India’s largest digital payments provider yesterday lost more than a quarter of its value in its first day of trading, heading for one of the worst-ever debuts by a major technology company and casting a chill over a stock-market boom that had ranked among the world’s most frenzied.
The 26 percent plunge in One 97 Communications Ltd, operator of Paytm, surprised even some skeptics who had questioned the company’s valuation and path to profitability. Retail investors who piled into the initial public offering (IPO) are now sitting on heavy losses, alongside global money managers, including BlackRock Inc and the Canada Pension Plan Investment Board.
India’s biggest-ever IPO had been touted by some as a symbol of the nation’s growing appeal as a destination for global capital, particularly for technology investors looking for alternatives to China. The question now looming over the US$3.5 trillion stock market is whether the optimism that drove IPO fundraising and the benchmark S&P BSE SENSEX to record highs has gone too far.
Photo: Reuters
“This kind of a plunge, frankly, has come as a surprise considering the euphoria surrounding the primary market,” said Yasha Shah, head of equity research at Samco Securities Ltd.
Paytm shares fell as low as 1,586.25 rupees, before paring losses to 1,665 rupees as of 12:18pm in Mumbai. That compared with the IPO price of 2,150 rupees, the top end of the marketed range. The SENSEX dropped 1 percent, among the largest declines in Asia.
Paytm — backed by Berkshire Hathaway Inc, Softbank Group Corp and Ant Group Co (螞蟻集團) — raised about US$2.5 billion in the IPO, with individual investors bidding for nearly twice the number of shares that were available.
In an interview with Bloomberg News minutes after the stock sank at the open, Paytm founder and chief executive officer Vijay Shekhar Sharma said the slump “is no indicator of the value of our company.”

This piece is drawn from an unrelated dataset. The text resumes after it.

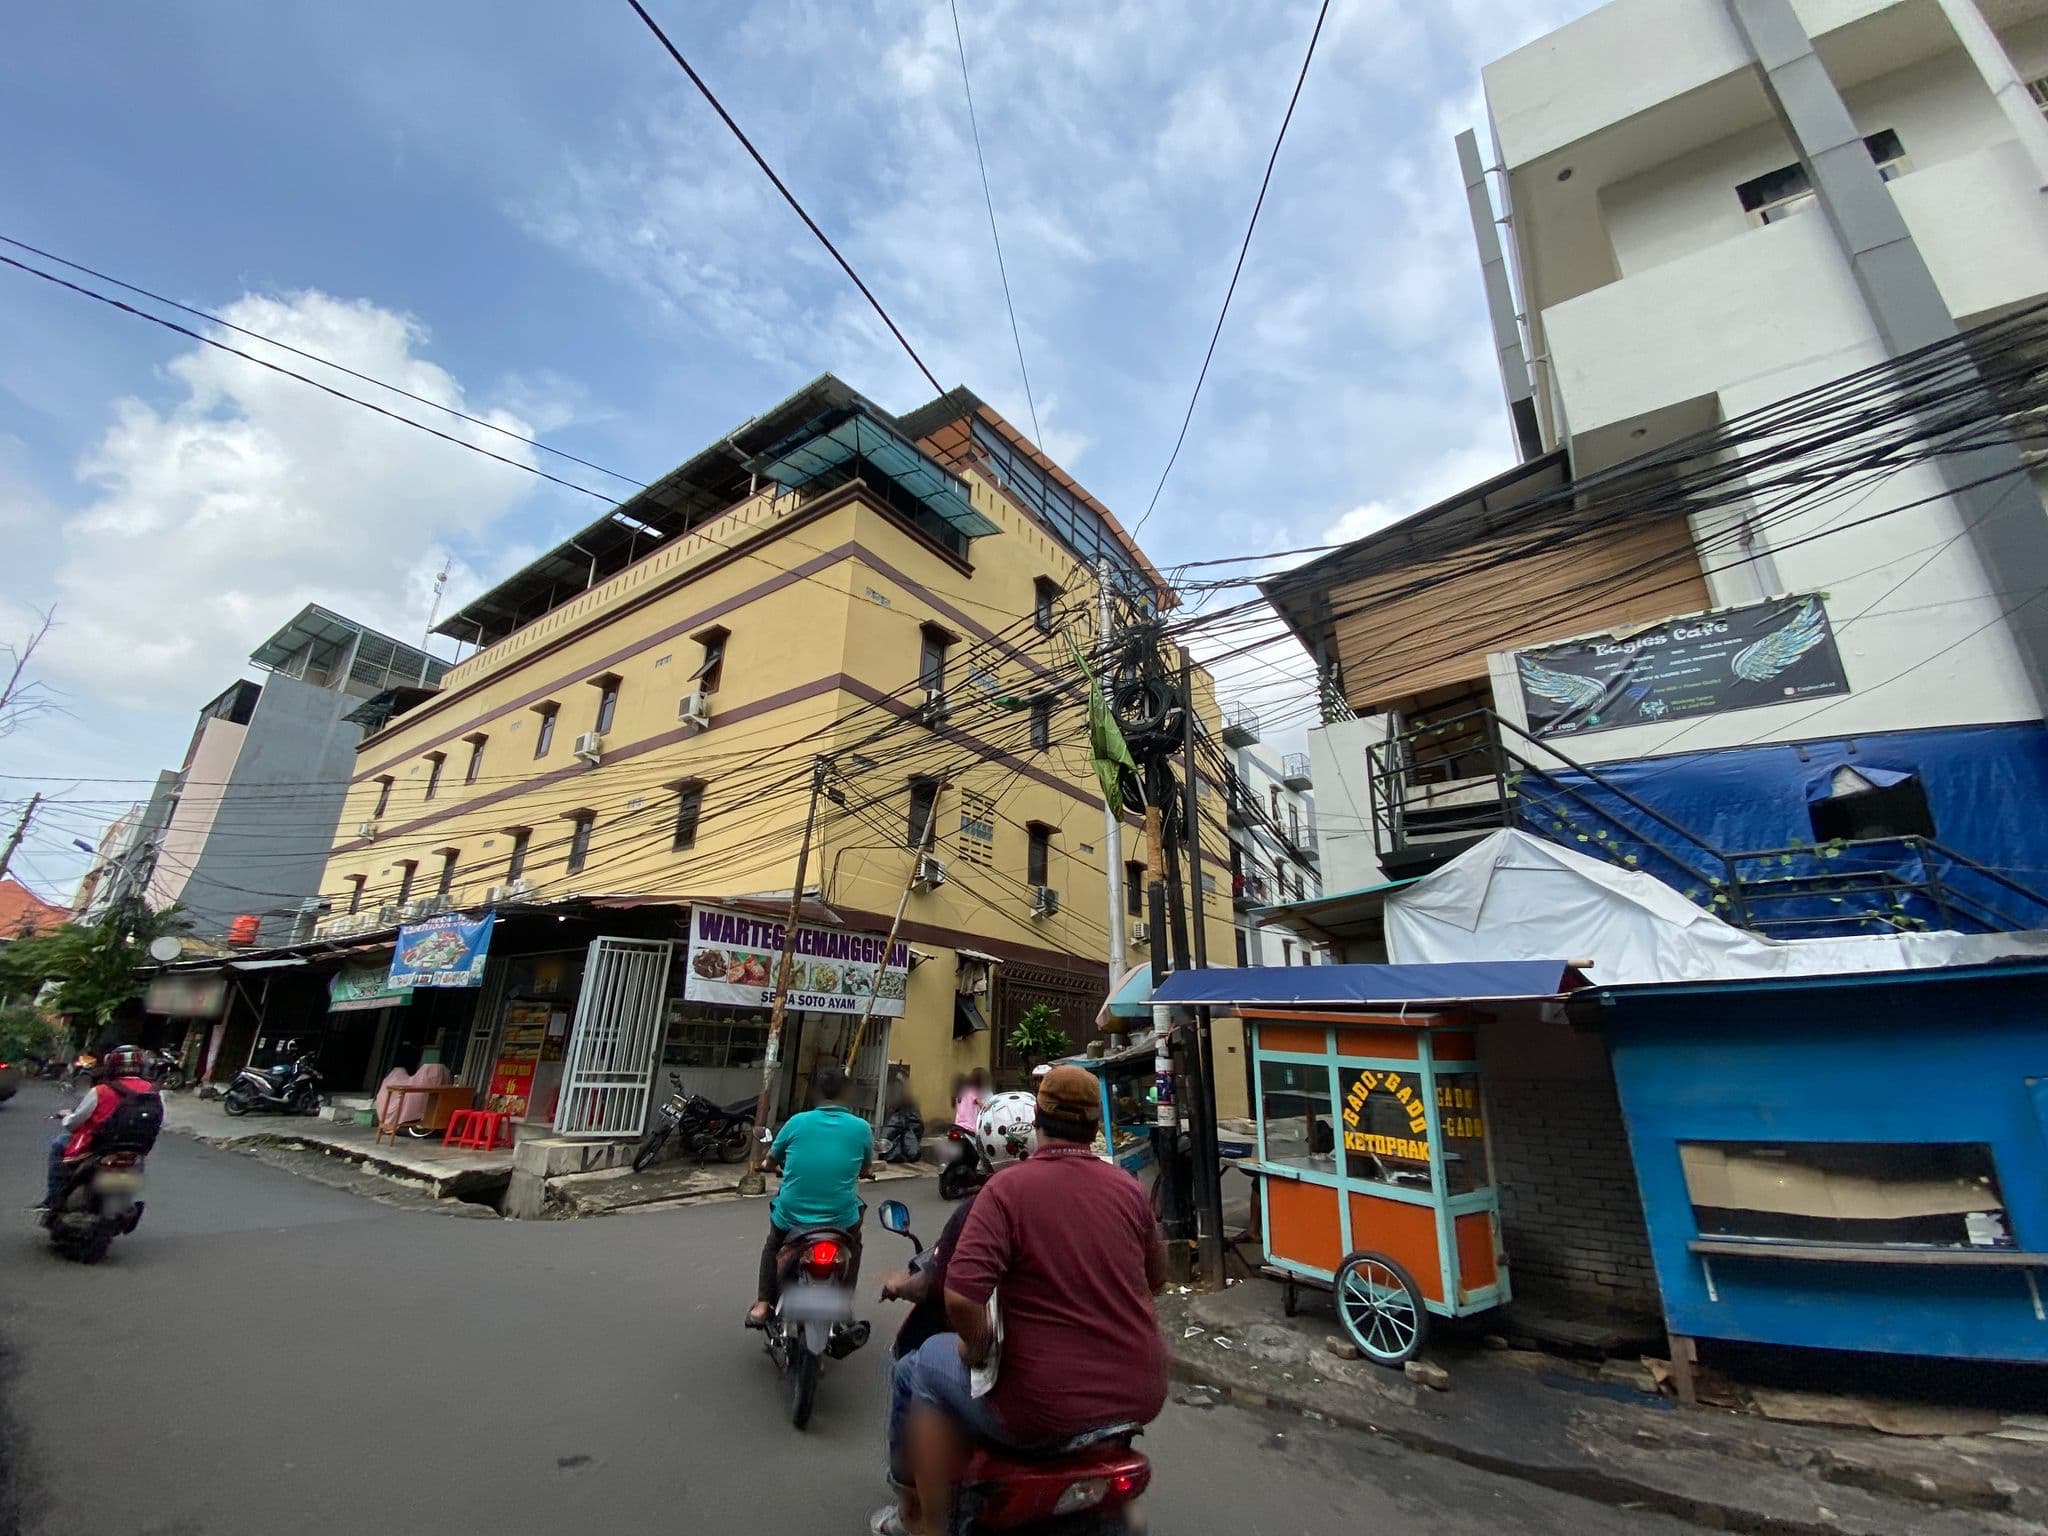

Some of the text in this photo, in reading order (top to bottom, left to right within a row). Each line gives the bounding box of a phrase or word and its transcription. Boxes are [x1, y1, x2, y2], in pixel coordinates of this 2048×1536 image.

“We are in it for the long haul,” he said. “We’ll put our heads down and execute.”
Sharma founded Paytm two decades ago and pioneered digital payments in a predominantly cash-transacting country of 1.3 billion people. The name, short for Pay Through Mobile, rhymes with ATM.
“There’s never a right moment, a correct share price and an accurate valuation,” Sharma said. “We are at the starting point and investors will get to know us in the coming quarters, years and decades.”
Ahead of the listing, Macquarie Capital Securities (India) Ltd initiated coverage on the company with an underperform rating and a price target of 1,200 rupees, implying a more than 40 percent downside from the issue price.
“We believe Paytm’s business model lacks focus and direction,” analysts Suresh Ganapathy and Param Subramanian wrote in the report. “Unless Paytm lends, it can’t make significant money by merely being a distributor. We therefore question its ability to achieve scale with profitability.”